When what you achieve is very close to what you expect, you’re winning. If you expect a cure, and achieve partial remission, you’ll be stressed out. Expecting partial remission and achieving a complete one is a much happier situation. This guidance also applies to one’s ability to expect or tolerate side effects. For example, if there’s a 50/50 chance you will lose your hair, I’ll say, “Most likely you’ll lose your hair.” If you don’t, you’re ecstatic. Why risk disappointment and further stress?
Setting expectations without destroying hope is a challenge. I counsel my patients that these are totally different concepts. Expectation is quantifiable. I can say to a patient, “With this drug we can expect a 30 percent response rate.” On the other hand, I cannot tell a patient what to hope. Hope is more mystical, spiritual and philosophical. We all have the right to hope.
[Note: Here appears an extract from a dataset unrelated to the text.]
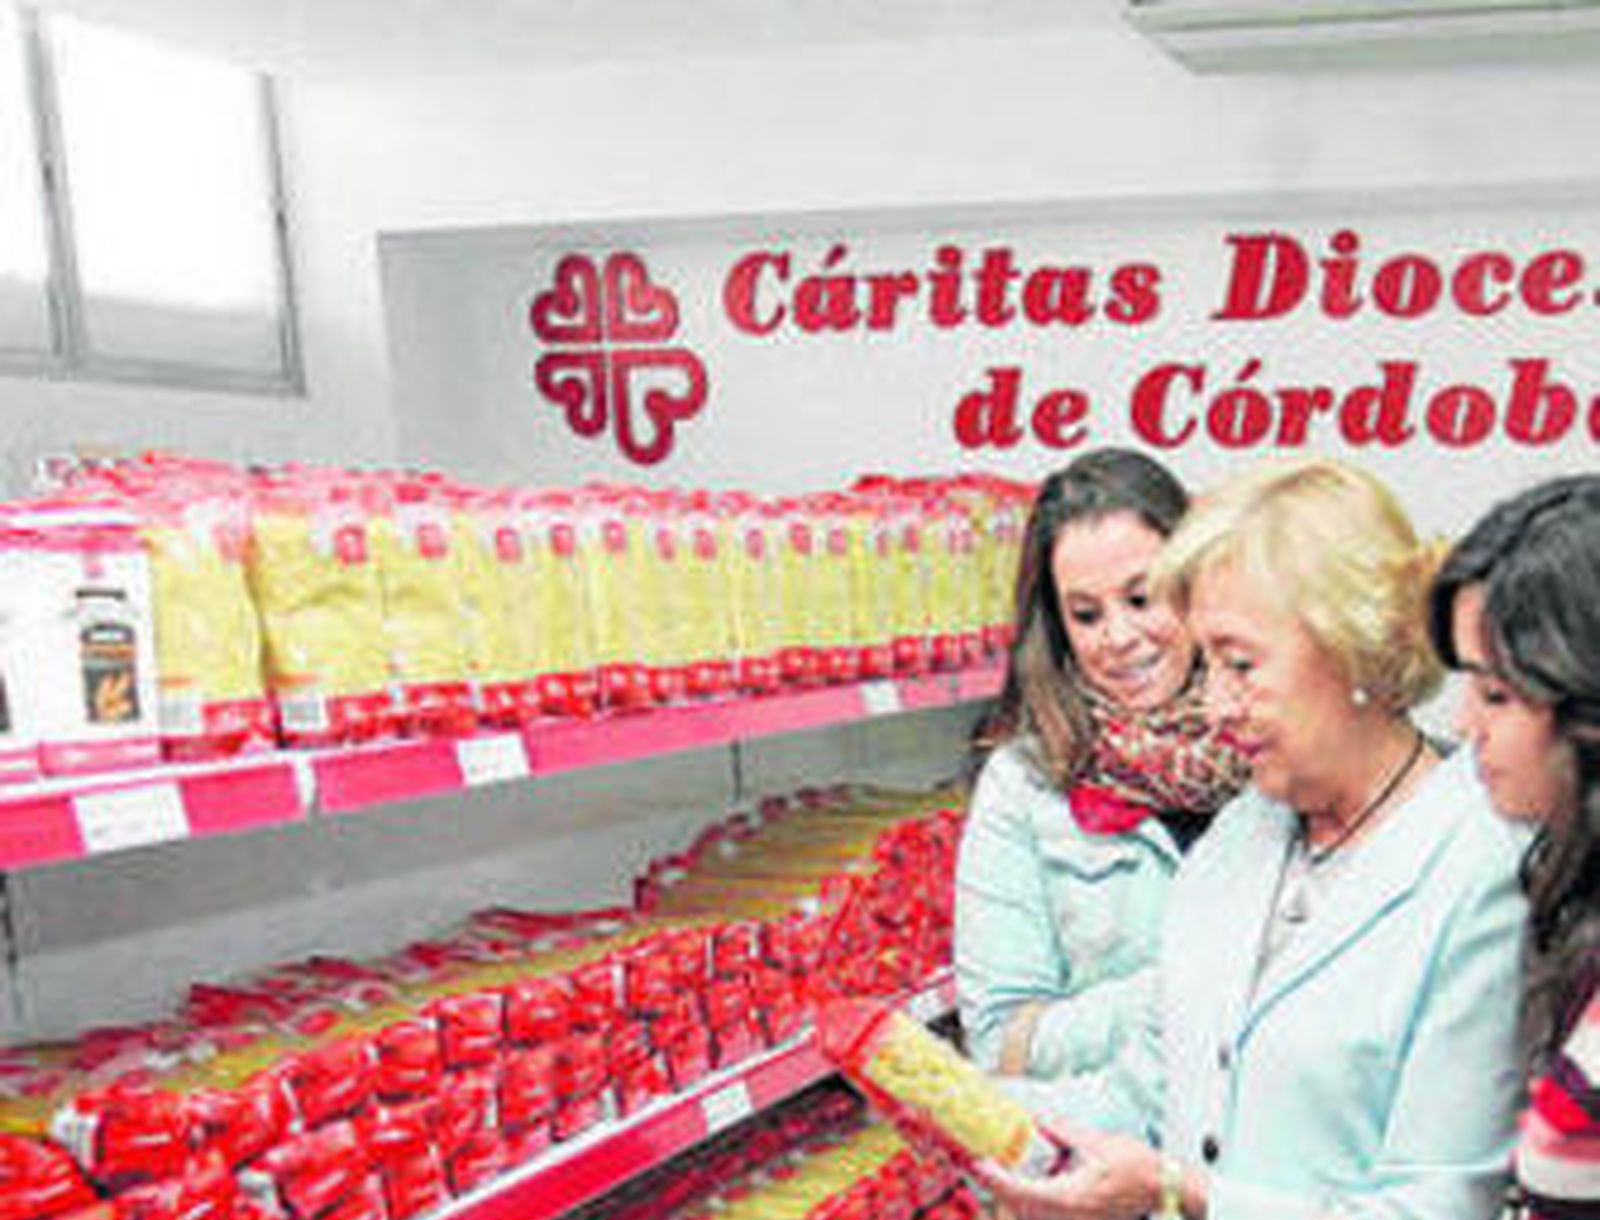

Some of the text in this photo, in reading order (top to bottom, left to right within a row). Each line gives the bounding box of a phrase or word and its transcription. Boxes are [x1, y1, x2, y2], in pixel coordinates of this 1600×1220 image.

If the expectations for a particular treatment are pessimistic, you absolutely have the right to go for it. You have the right, indeed, the obligation to believe you’ll be the one who beats the odds. God knows I’ve seen many patients who’ve shattered negative expectations. When your doctor talks to you, it should be about expectations. It is up to you to formulate the amount of hope you want. You have every right to hope for a miracle.
Cancer survivors must also find ways to cope. How do you live with the fear that your disease may recur in the future? How can you lead a normal life knowing you are at risk? It takes a lot of strength. In my experience, it requires a leap of faith: religious, spiritual or personal. Religion offers the promise of hope. In the Bible, Matthew instructs us “not to worry about tomorrow” because tomorrow will be taken care of. Another wise man counsels, “Live your life as if you were living forever but be prepared to go as if you were going tomorrow.” To me that is a very beautiful concept.
In my clinical practice, the day came when I asked one of my critically ill patients, “Ed, are you afraid to die?” “No, Doctor,” he said simply. “When I go to sleep, there are two alternatives. Either I wake up in the presence of my wife and children, or I wake up in God’s presence. Both are beautiful to me.”
I’d never heard this said by any other living person. I’d read it of course, but here it was in the place you might least expect to see such hope, childlike and trusting in its purity, a cancer ward. Ed taught me something incredibly important. I tell my patients to avoid unanswerable questions like, Why cancer? Why me? Why do bad things happen to good people? I remind them, as I remind myself, “Don’t ride the roller coaster in the dark. Open your eyes to the richness of life.”